One of my biggest issues with modern educational philosophies is the strictness that teachers impose on their assessment strategies. Drill any teacher, and they will eventually admit that their assessment of student is wholly inadequate and subjective. But ask them to create personally individualized assessments, or to allow their students that leeway, and they'll push back with vigor. "Students aren't motivated to learn." "This is what the system requires." "You have to incentivize X for students to actually do it." "Students don't have the tools to take ownership of their own learning." At this point, I've stopped asking.

And in the same breath we talk about how improperly incentivizing activities that should be intrinsically motivated decreases both enjoyment and performance.
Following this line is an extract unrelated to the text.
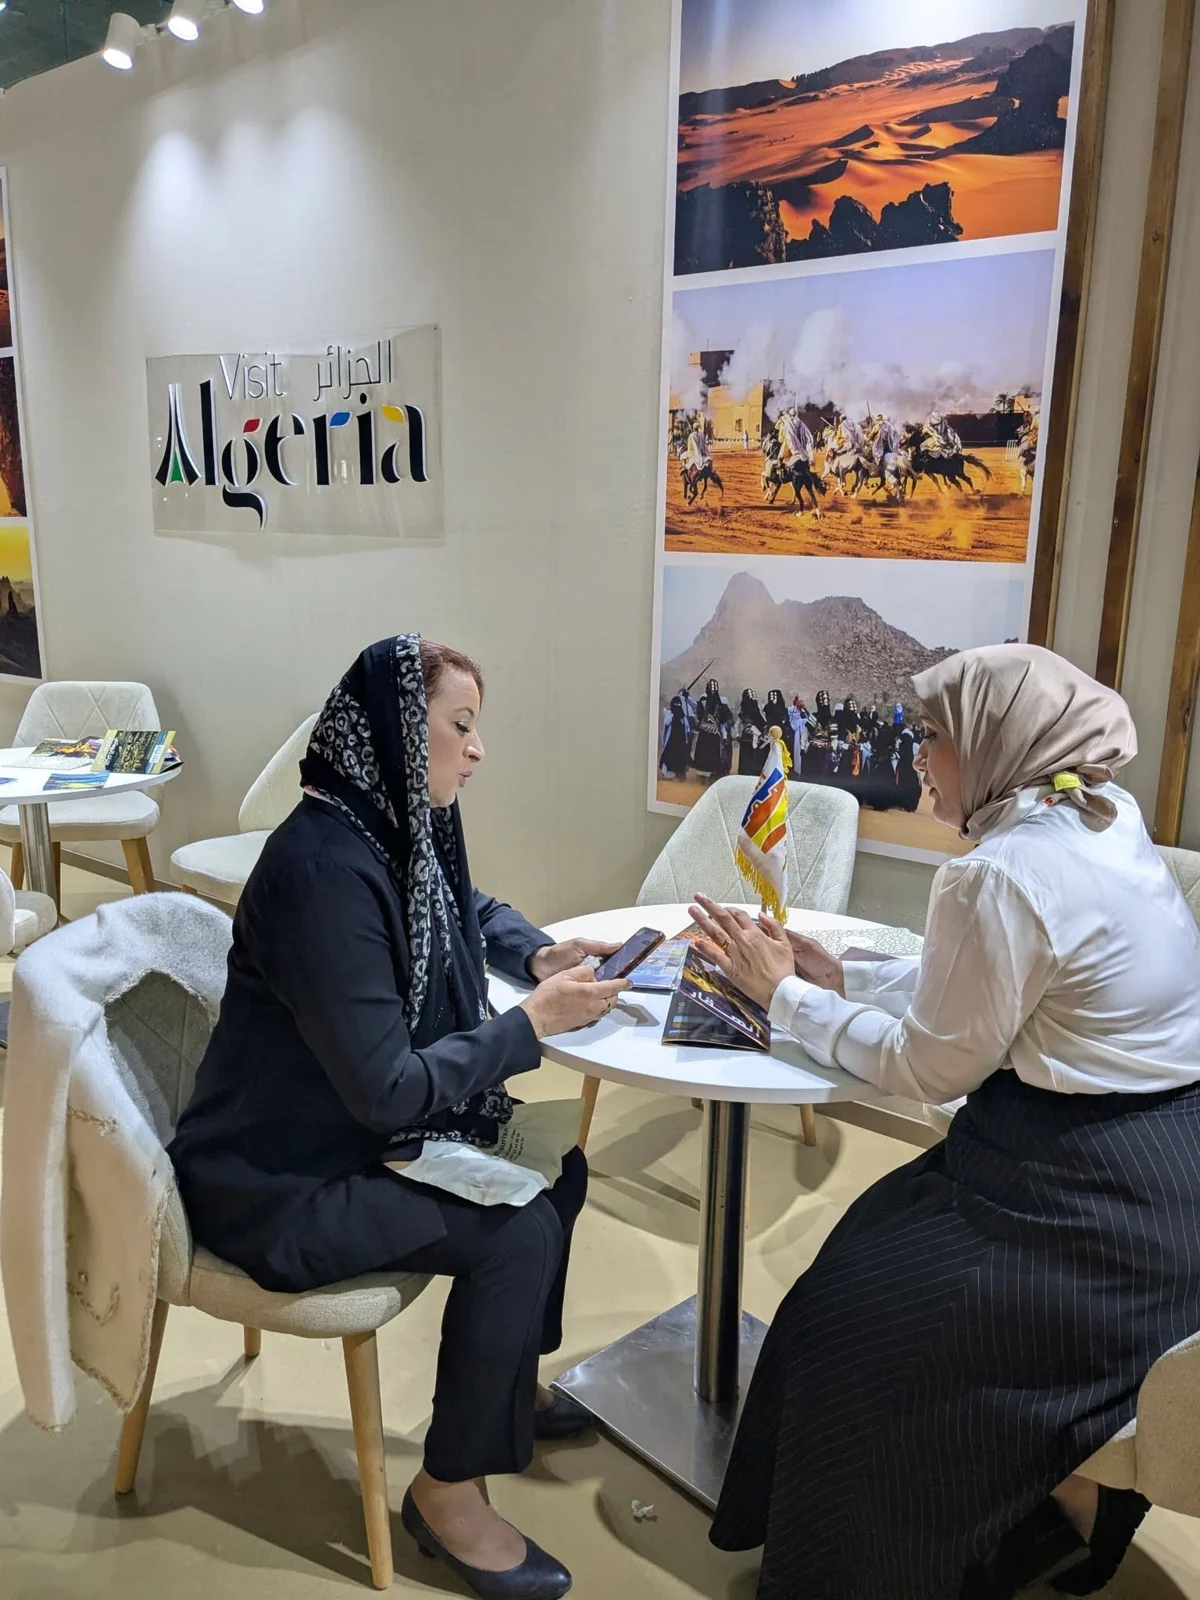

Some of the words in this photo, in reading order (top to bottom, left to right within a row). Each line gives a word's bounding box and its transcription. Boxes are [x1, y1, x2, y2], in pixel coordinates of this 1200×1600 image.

[219, 353, 284, 400] Visit
[313, 340, 392, 401] الجزائر
[155, 379, 429, 530] Algeria
I love the MBA. I'm learning great things and interfacing with amazing people. But can't I decide for myself what's worth learning? And how to apply it in my life? I'm going to have to do it anyway, because that's the ultimate goal of learning, right? With so much piled on my plate, I find I'm doing homework at the expense of learning and other far more important aspects of my life. Having group meetings at the same cost. Maybe having my own business, being passionate about my own education, and other factors in my life make me unique. Maybe not. But I feel like if I had the time to do it right, and support from a professor in my own projects... instead of ones that are assigned from the outside... I'd learn far more than what I do by just going through the motions of classwork and quizzes.

That feels better. I have to get back to my homework.

Sunday, November 18

All Day Crying.

I read once that babies need to cry to work through emotional experiences... and that simply letting them cry in your arms, holding them and talking softly, without rocking or calming or using a pacifier, is the key to helping them find peace on their own and eventually grow in their emotional capacity. No matter how long it takes.

I think I'm in that place.

The last few days have been more emotionally intense than I'm really able to handle. The mix of gratitude and anxiety and faith and love and total helplessness has left me crying anytime something pushes a trigger. Sacrament meeting piano number playing "A Poor Wayfaring Man of Grief"? Crying. Emails from family and friends and random strangers? Crying. Stake Fireside? Crying. I feel like I've been crying all day.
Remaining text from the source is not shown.